Left unsaid: George W. Bush often governed according to conviction and against the polls. But the liberals never found that admirable. In 2007, Ignatius wrote that the surge in Iraq was preposterous: "What's starting to crack isn't the obdurate Bush, but the country."
History wasn't the point. Like Obama, the media aren't looking back at the horrific violence of 9/11. They are much more comfortable projecting the violence that might occur from conservative resistance to the mosque proposal. On ABC's "Good Morning America," reporter Dan Harris touted that "Muslim activists" decried a "rising tide of Islamophobia in the country, with increasingly venomous fights" over mosque construction.
That night, Harris repeated that spin: "Muslim activists say angry rhetoric is fueling a dangerous level of Islamophobia, with protests over proposed mosques in places like Tennessee and Wisconsin, the bombing of a mosque in Jacksonville, Fla., in May, and a church in Gainesville, Fla., that's now planning to burn Korans on Sept. 11."
Historical analogies were strained. On ABC, Rep. Keith Ellison, D-Minn., compared the mosque-builders to the Pilgrims, just seeking religious freedom.
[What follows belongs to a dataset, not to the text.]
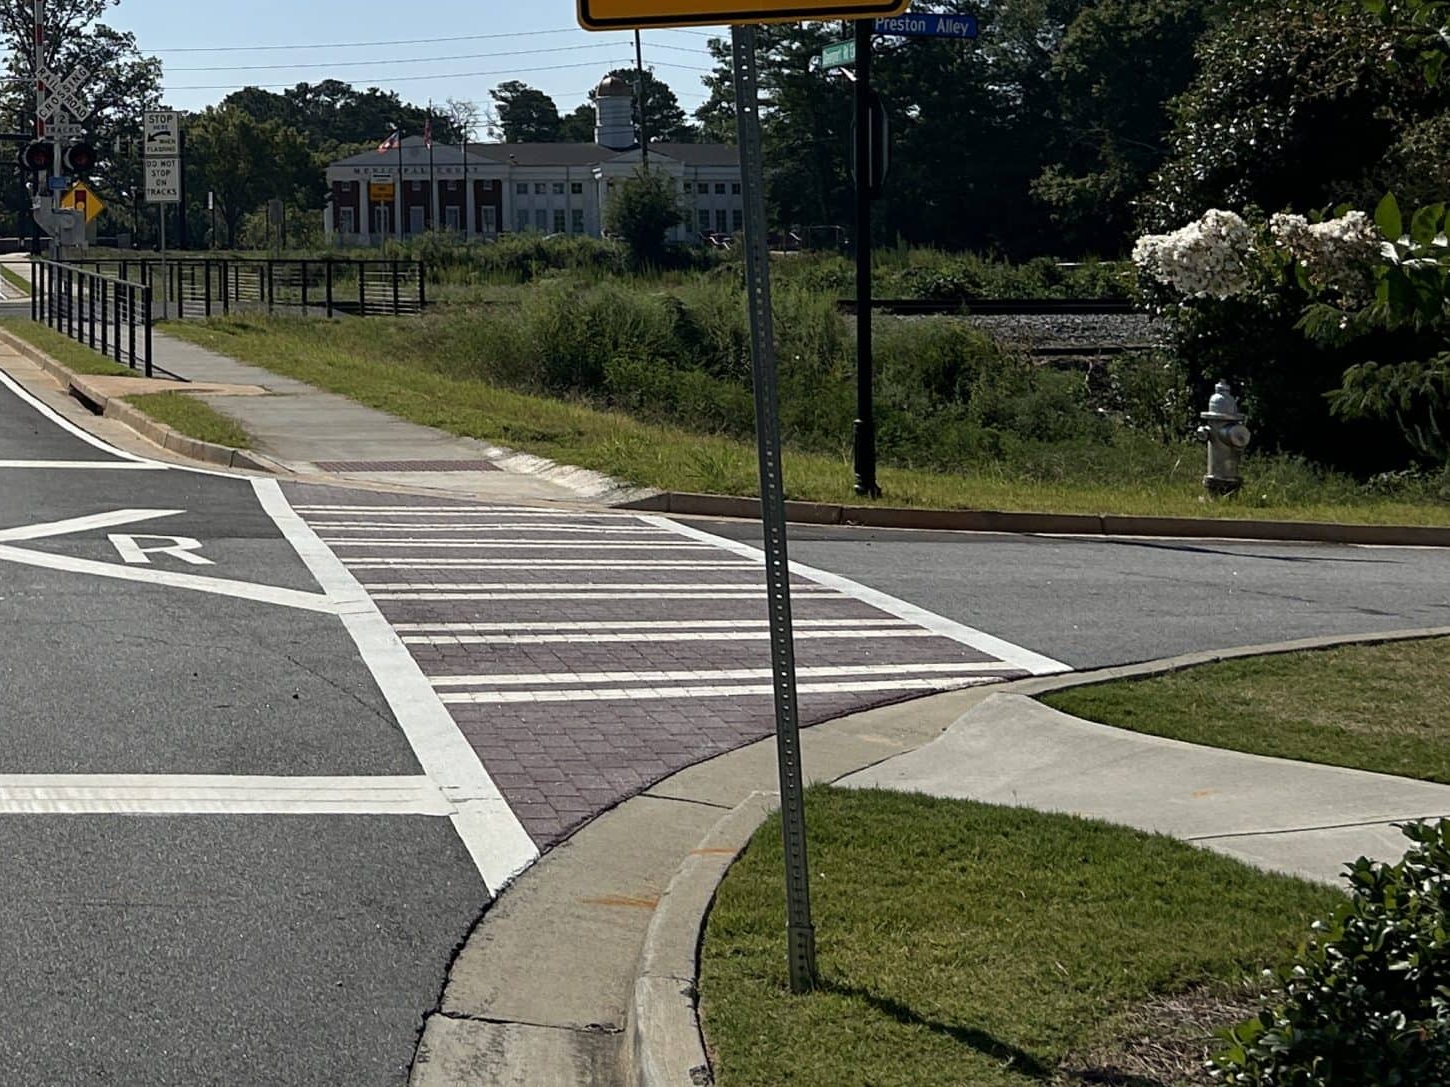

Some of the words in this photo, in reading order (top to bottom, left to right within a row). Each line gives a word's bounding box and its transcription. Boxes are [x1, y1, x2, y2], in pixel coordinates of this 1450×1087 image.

Not to be outdone, on MSNBC, Keith Olbermann compared mosque opponents to the Nazis, in particular, the old Martin Niemoller line about "They came for the communists, but I was not a communist..." Somehow, Newt Gingrich and Sarah Palin were coming to send Muslims to concentration camps.
Olbermann tried to acknowledge he wasn't trying to compare a Manhattan zoning battle to the Holocaust, but that conservatives were "building up a collective pool of ... fear and hate" and "the need to purge" could outstrip "the parameters of the original scapegoating." Forget it. He was definitely using the Nazi smear.
Once again, the media have demonstrated that they feel their job is galloping to the rescue of Barack Obama, no matter how low he sinks in the polls -- or how low they sink in the ratings advancing politically noxious positions.